Cap O'Rushes

A Folkloric and Literature Resource

for Teachers and Librarians

The Origin of the Modern Superhero and the Explanation of Story Variations: The Remarkable Servants Pattern - Grade 3 or 4

Familiarity with the fact that similar versions of stories like Cinderella exist all over the world prepares the students explore in a more sophisticated manner the question of variation and the similarities and differences exhibited in the patterns. Stories of the Remarkable Servant type can also be used to help children learn to classify information in categories of their own invention.
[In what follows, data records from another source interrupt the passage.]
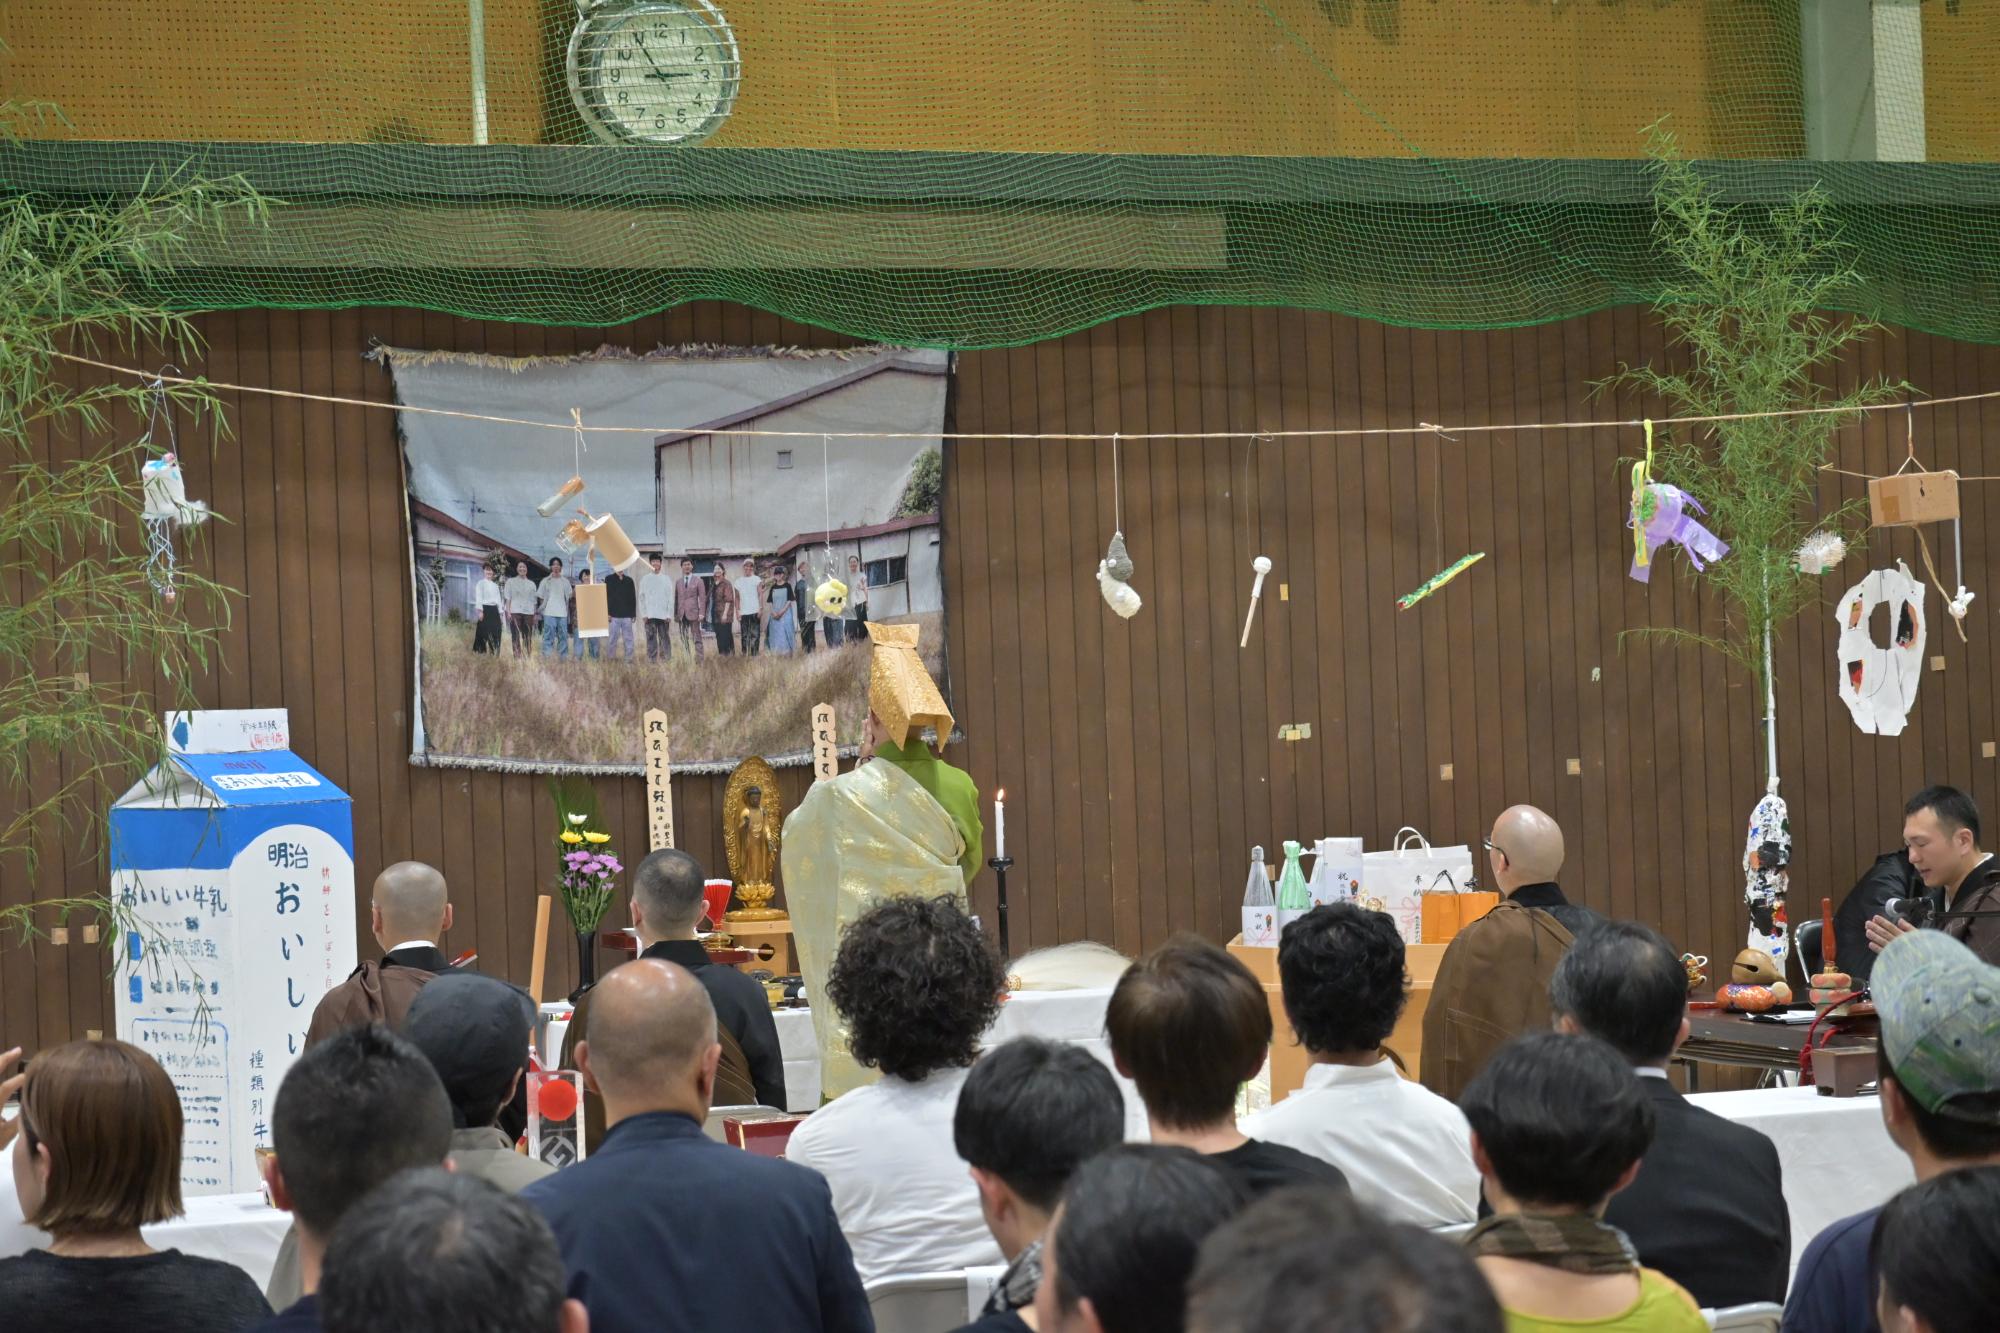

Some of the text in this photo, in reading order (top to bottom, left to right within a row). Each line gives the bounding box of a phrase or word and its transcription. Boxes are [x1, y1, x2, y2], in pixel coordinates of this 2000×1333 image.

[653, 23, 668, 38] 12
[679, 31, 685, 44] 1
[618, 49, 631, 60] 10
[694, 47, 704, 62] 2
[611, 69, 620, 82] 9
[701, 69, 711, 80] 3
[618, 91, 628, 104] 8
[693, 92, 702, 107] 4
[636, 108, 645, 119] 7
[677, 108, 686, 123] 5
[655, 114, 665, 128] 6
[268, 842, 309, 868] 明治
[121, 884, 228, 917] おいしい牛乳
There exists a motif of the hero who is helped on his quest by a groups of 5 to 7 servants, each of whom has some superhuman trait. These stories can be found in the folklore of Germany, Russia, Ireland, The United States, Mexico, Ghana and China. Picture book editions exist for all but the German and Irish tales. Examination and comparison of the stories provide a rich source of material for the study of folklore variations.
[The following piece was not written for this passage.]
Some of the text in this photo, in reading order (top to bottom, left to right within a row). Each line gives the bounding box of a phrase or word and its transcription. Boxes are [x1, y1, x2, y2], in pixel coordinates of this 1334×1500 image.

The unit may be organized in the following way. Some sort of movable chart is needed as the stories are read to the class. A flannel board with cardboard squares mounted on felt patches works very well. Magnetic tape on the cardboard squares would also allow them to be moved around on most chalkboards. Using a different color paper, approximately 3" square, for each story, the teacher writes the name of one "remarkable servant" on each square. After the first story (the Grimm tale makes a good beginning) is read, the servants are recalled by the class and the squares put up. With the reading of the second story the classifying task begins. Using the servants from the first story as a base, the children are asked to recall a servant in the next story and specify the column or row where he should be placed; that is, which character in the previous story he is most like. As more stories are added to the chart different groupings become possible. Arguments will occur about the best placement. It is important for the teacher to emphasize that there is no one right answer. The placement of the character depends on the definition that the child has in mind for the skills of that character. When all the stories have been read, and the teacher should not have the class as a whole classify the last stories, each child may be assigned the task of making a chart and labeling groupings. Labeling the groupings forces the child to articulate his or her definition of the group. Each child is given an instruction sheet, a listing of the characters printed in small squares (a replica of what the teacher has used with the whole class) and a large sheet of drawing paper on which to work. This assignment can also be given to a small group; the children must then verbalize their thinking and agree on the best arrangement. The class should share their work; the teacher will usually discover that there are many creative and clever ways of thinking about the classification of the characters.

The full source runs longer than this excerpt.